Image copyright AFP Image caption Some people may put up to 30% off their blood pressure reading
Nearly one in five US adults – or 28 million – have hypertension, with many taking multiple medicines to combat it, according to new research.
An analysis from the Centers for Disease Control and Prevention (CDC) looked at 12 drugs prescribed as first-line treatment for high blood pressure in people under 50.
Researchers found some people with the condition may be able to reduce their blood pressure reading using less medication.
There were three times as many adults taking tablets or liquids with a low dose of medication as others, the study published in the Journal of the American Medical Association (JAMA) found.
“Currently, there is a lack of consensus on the optimal dose of dietary and lifestyle intervention,” one of the study’s authors David Colombo said.
The study analysed data from 2006 to 2012. From these, it has found that of the more than one billion prescriptions for blood pressure pills dispensed, 47% are for more than one medicine.
The study suggests people who take two or more medicines to lower their blood pressure may see a reduction in their reading of as much as 9%.
In a study of 4,651 US adults, the researchers found 10% had taken two or more medicines with a lower, lower or equal dose of blood pressure pills.
To reduce blood pressure by more than 10%, patients take two or more medicines with a low dose of medication.
The medicines included those including Diazepam, the drug used to treat epilepsy, and, in certain cases, Viagra.
Another 1% of patients used four or more medicines, while another 5% of patients had taken no medicines at all to lower their blood pressure.
Image copyright AFP Image caption Low doses of some medications may be just right for some people
“When dosing medication, the main areas of focus among patients on treatment decisions are side effects and cost,” Timothy Hood, the study’s senior author, said.

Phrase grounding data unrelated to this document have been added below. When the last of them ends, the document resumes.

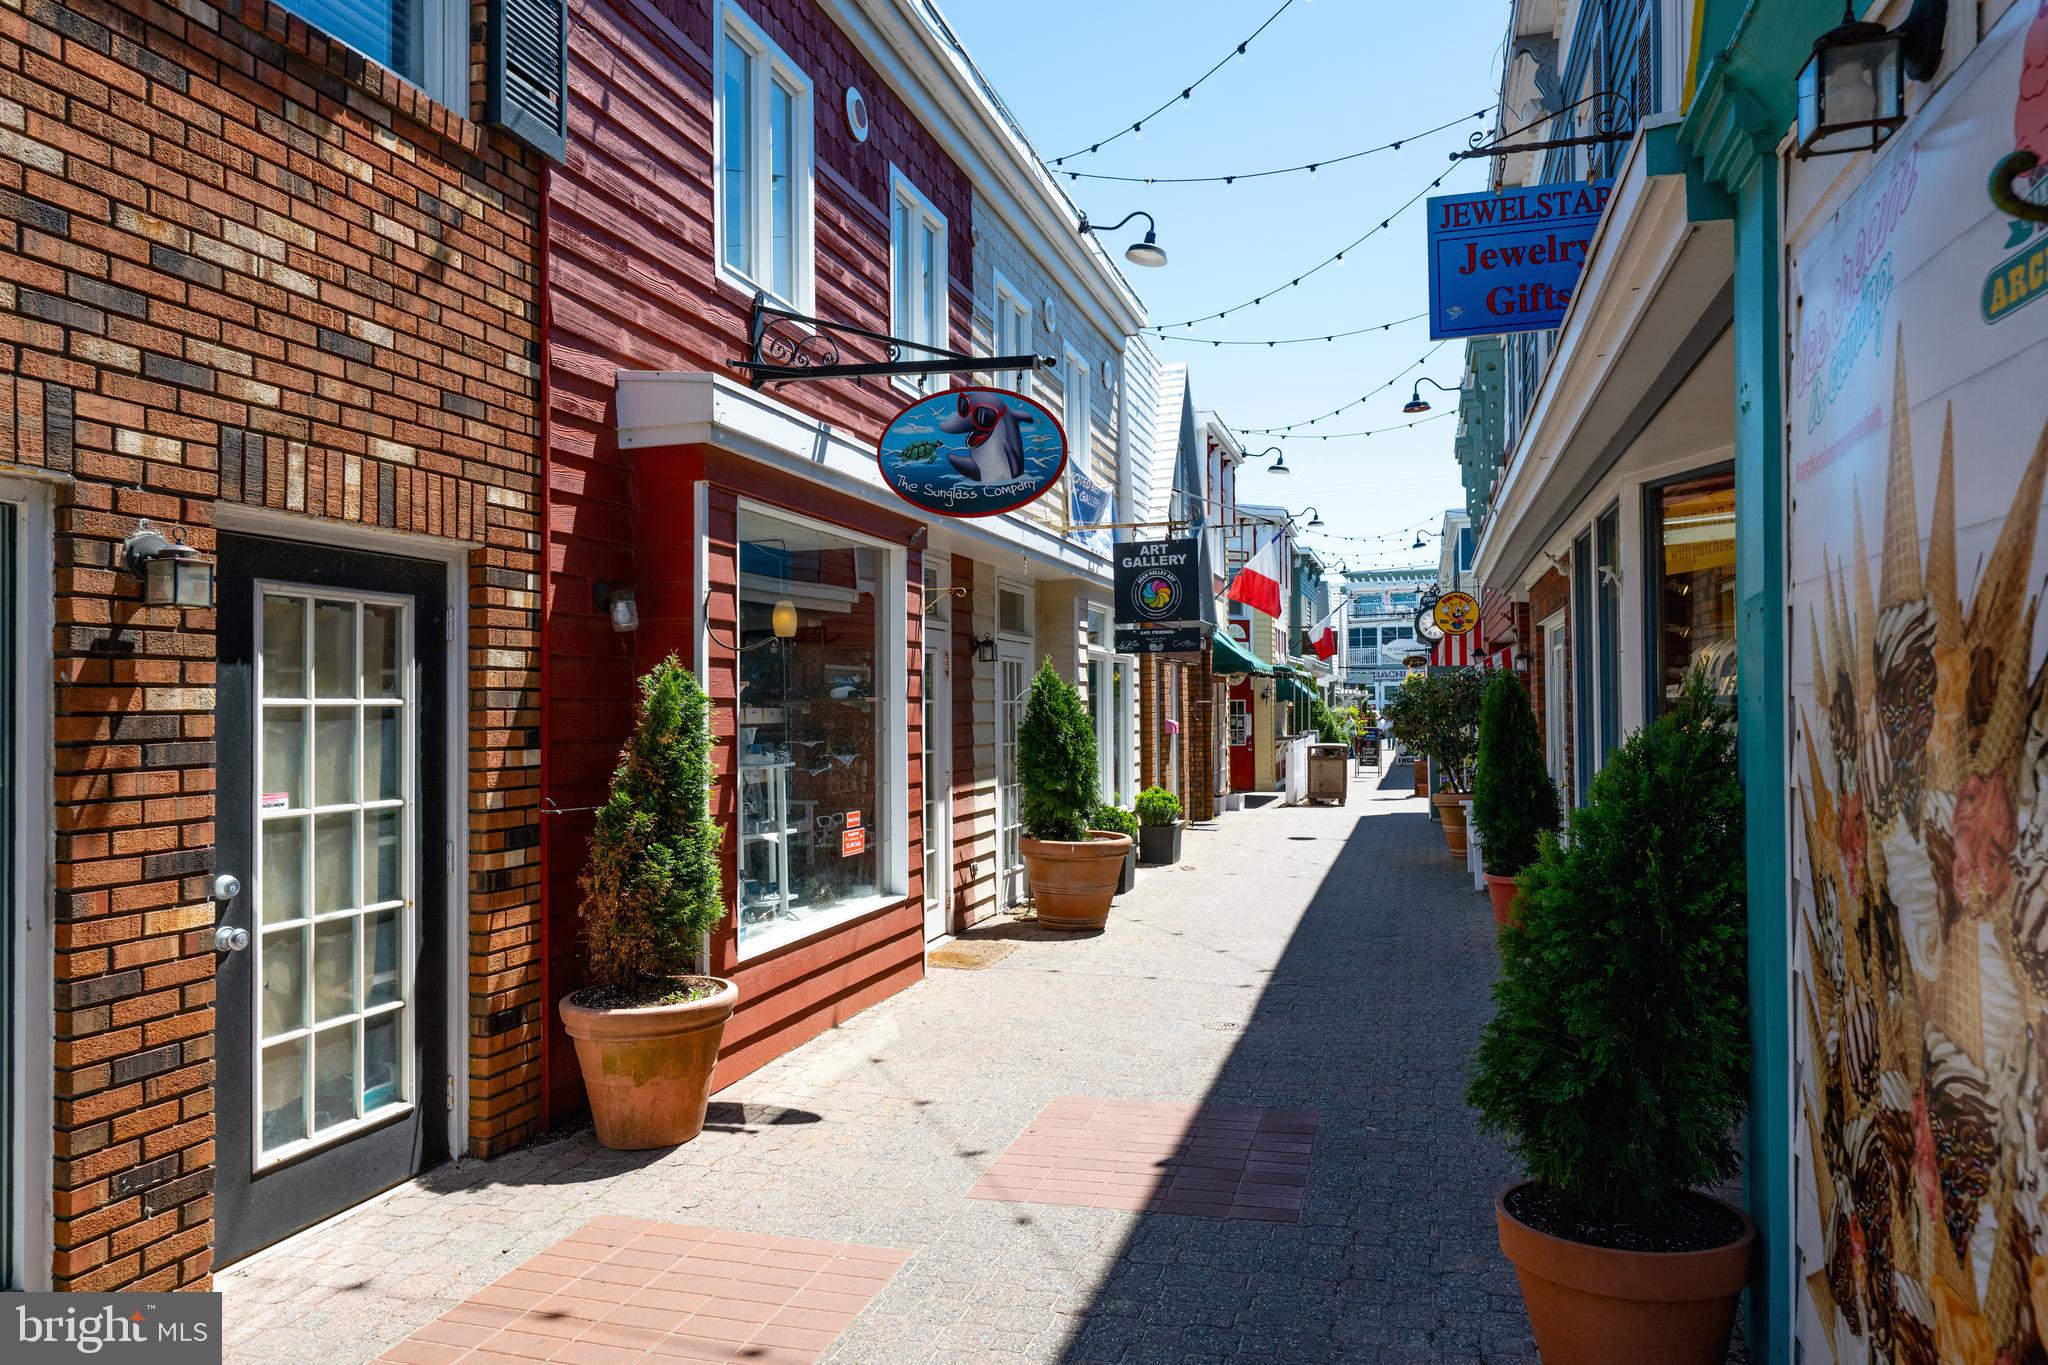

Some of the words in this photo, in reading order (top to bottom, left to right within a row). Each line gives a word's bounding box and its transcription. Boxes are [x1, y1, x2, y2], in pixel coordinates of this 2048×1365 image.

[1990, 246, 2048, 315] ARC
[1486, 282, 1573, 317] Gifts
[897, 475, 918, 493] The
[923, 483, 978, 507] Sunglass
[983, 479, 1036, 497] Company
[1122, 554, 1187, 568] GALLERY
[1139, 543, 1169, 556] ART
[1671, 544, 1691, 561] with
[1693, 538, 1734, 564] purchase
[1166, 572, 1176, 582] ART

The study found, for example, that the optimal dose for one of the drugs used to control high blood pressure was between 20mg and 25mg, to be taken three times a day, once in the morning and again in the evening.

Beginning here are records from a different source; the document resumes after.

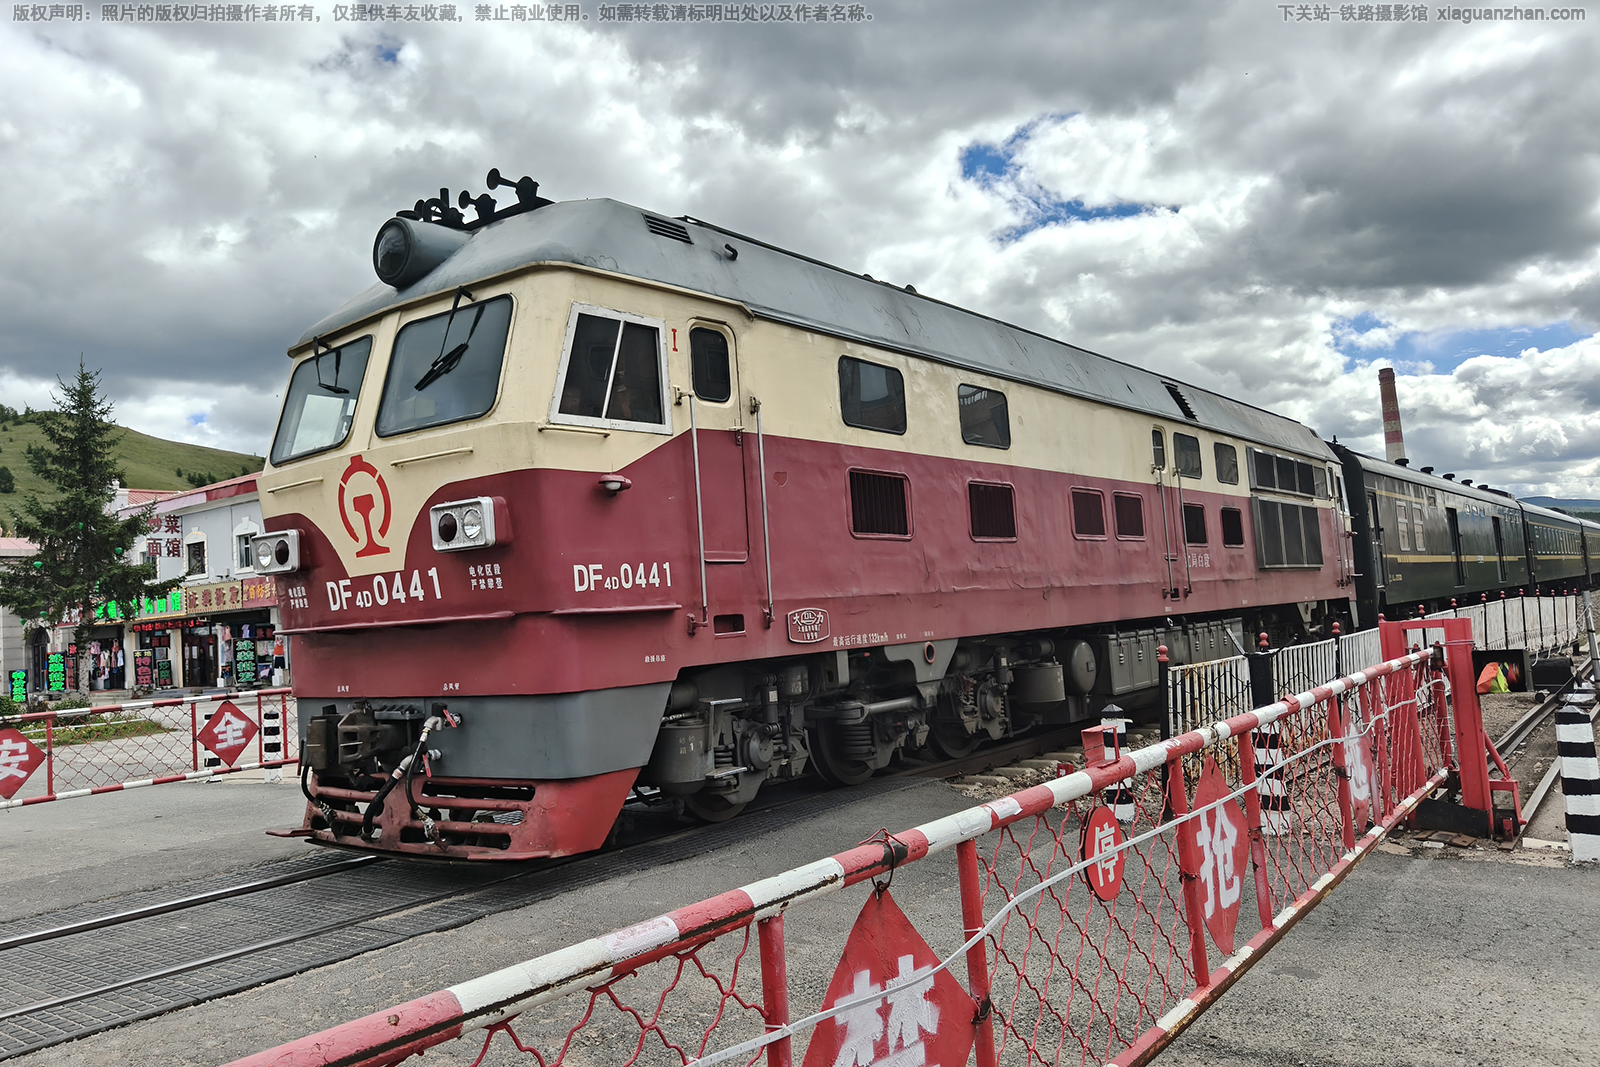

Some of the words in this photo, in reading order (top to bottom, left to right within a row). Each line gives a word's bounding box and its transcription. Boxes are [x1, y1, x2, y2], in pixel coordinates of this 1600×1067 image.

[147, 538, 181, 557] 面馆
[326, 566, 442, 612] DF4D0441
[573, 562, 672, 592] DF4D0441
[213, 711, 246, 750] 全
[1093, 822, 1119, 888] 停
[1196, 799, 1241, 920] 抢
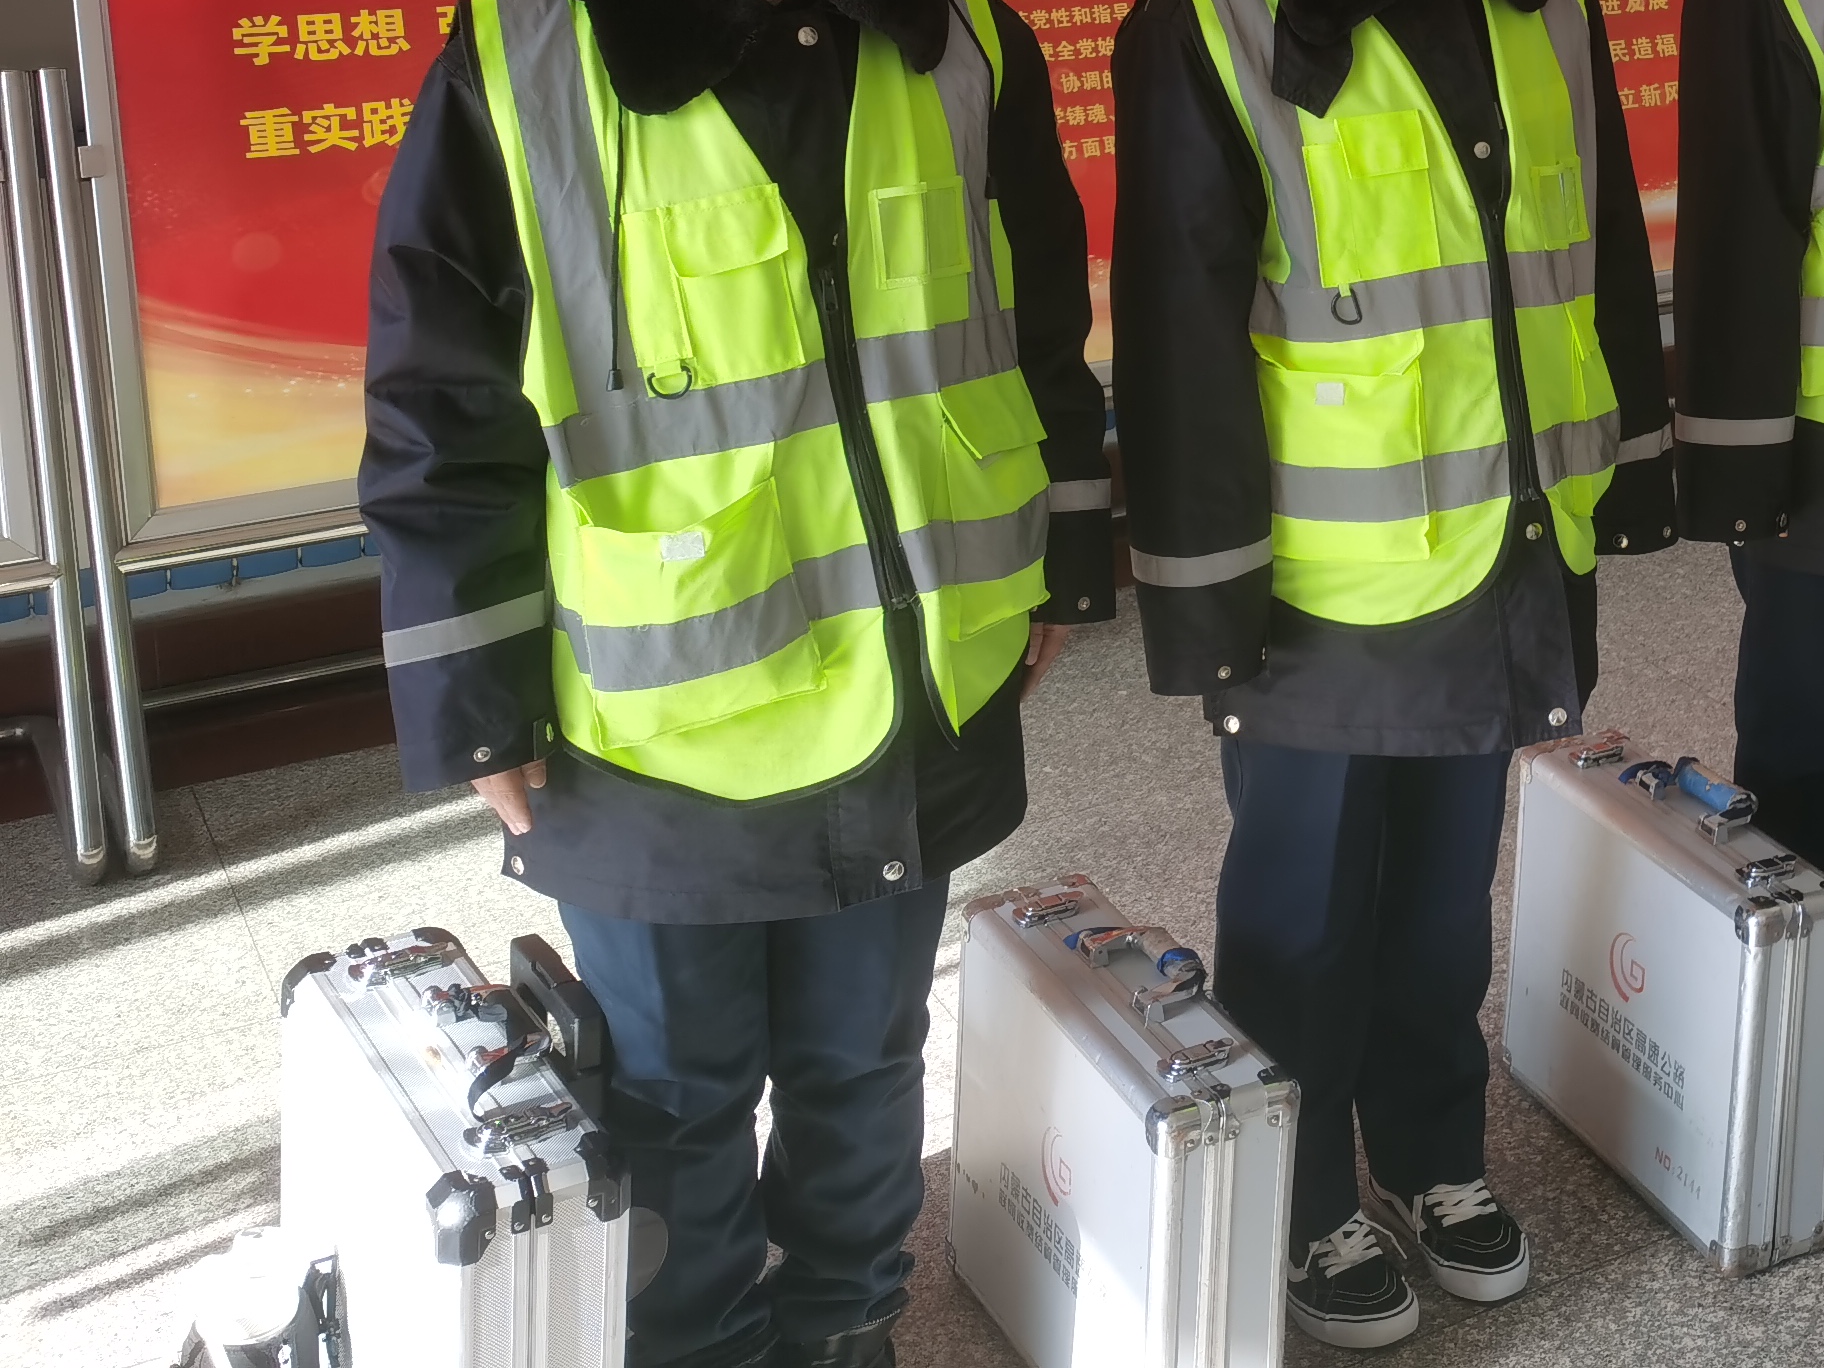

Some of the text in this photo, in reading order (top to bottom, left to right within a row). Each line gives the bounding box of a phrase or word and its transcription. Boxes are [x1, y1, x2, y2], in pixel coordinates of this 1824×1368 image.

However, the study found, that many patients were taking higher doses – possibly for the hope of a lower blood pressure reading, because they were thinking the drugs would improve their health.

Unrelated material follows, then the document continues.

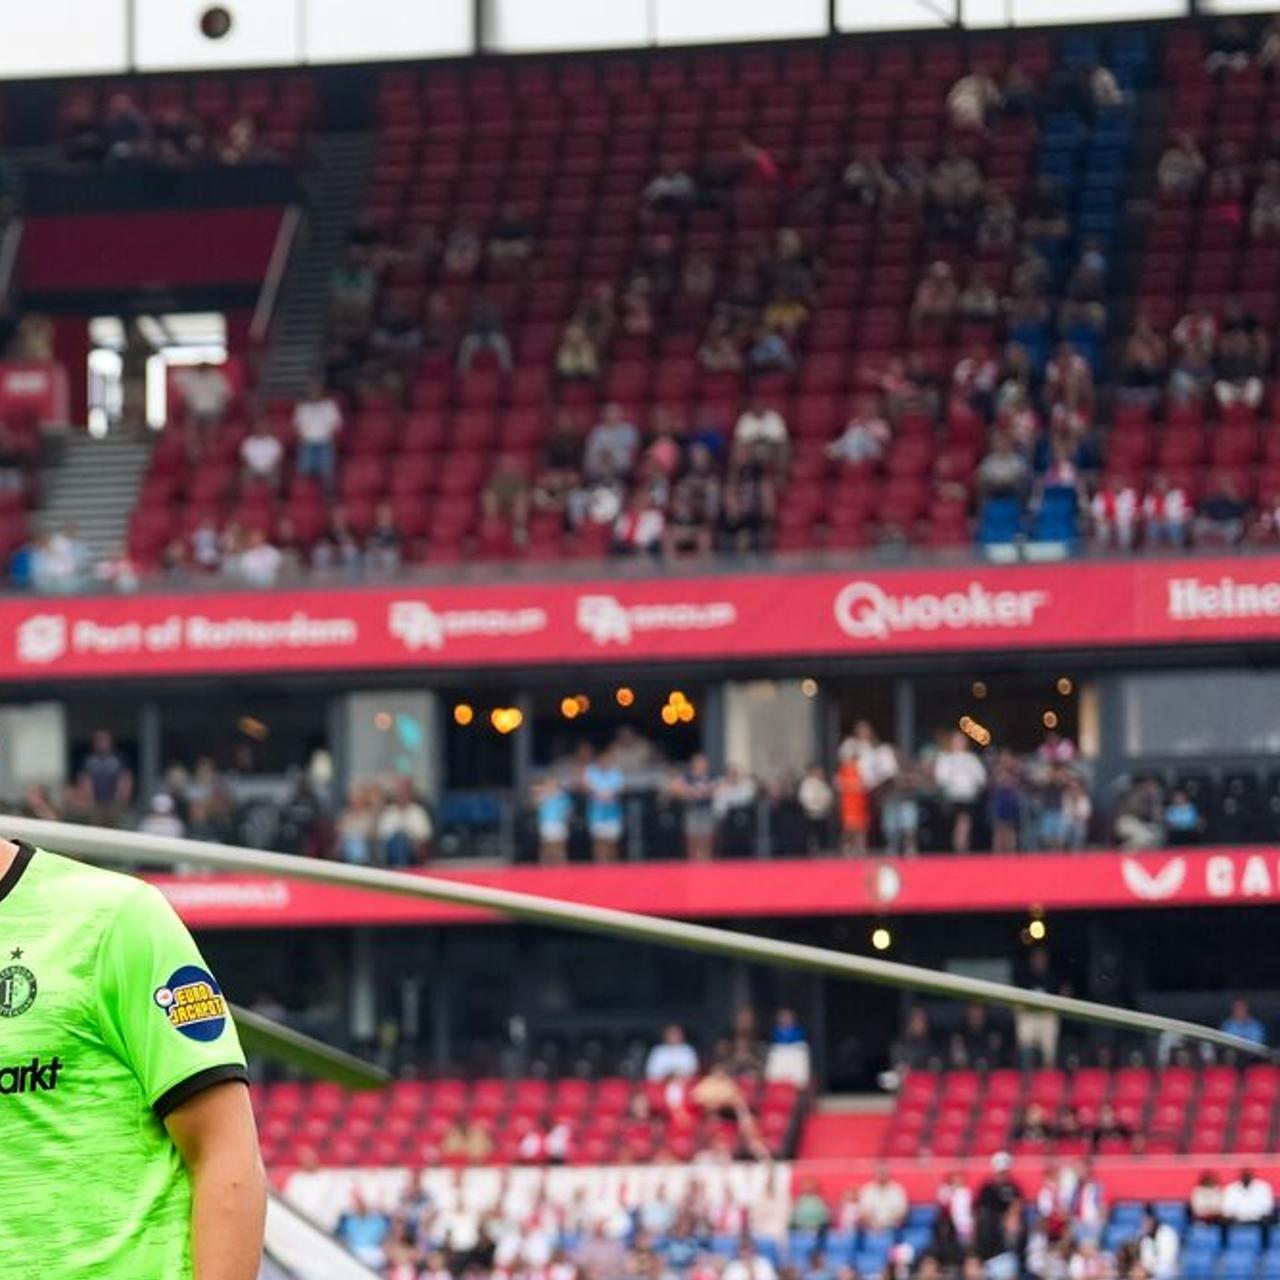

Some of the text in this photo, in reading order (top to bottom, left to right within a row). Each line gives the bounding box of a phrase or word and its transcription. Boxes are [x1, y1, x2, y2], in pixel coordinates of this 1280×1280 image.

“There needs to be a shift in thinking from a ‘dose management’ framework to what are they feeling and how are they thinking about how their body responds,” said Dr Hood.
The authors conclude: “Given the growing burden of cardiovascular diseases in the US (particularly ischemic heart disease), we recommend that further studies of appropriate dosing of blood pressure medications among diabetes and hypertension patients be performed.”
The researchers stressed they had used US data, which is not internationally consistent.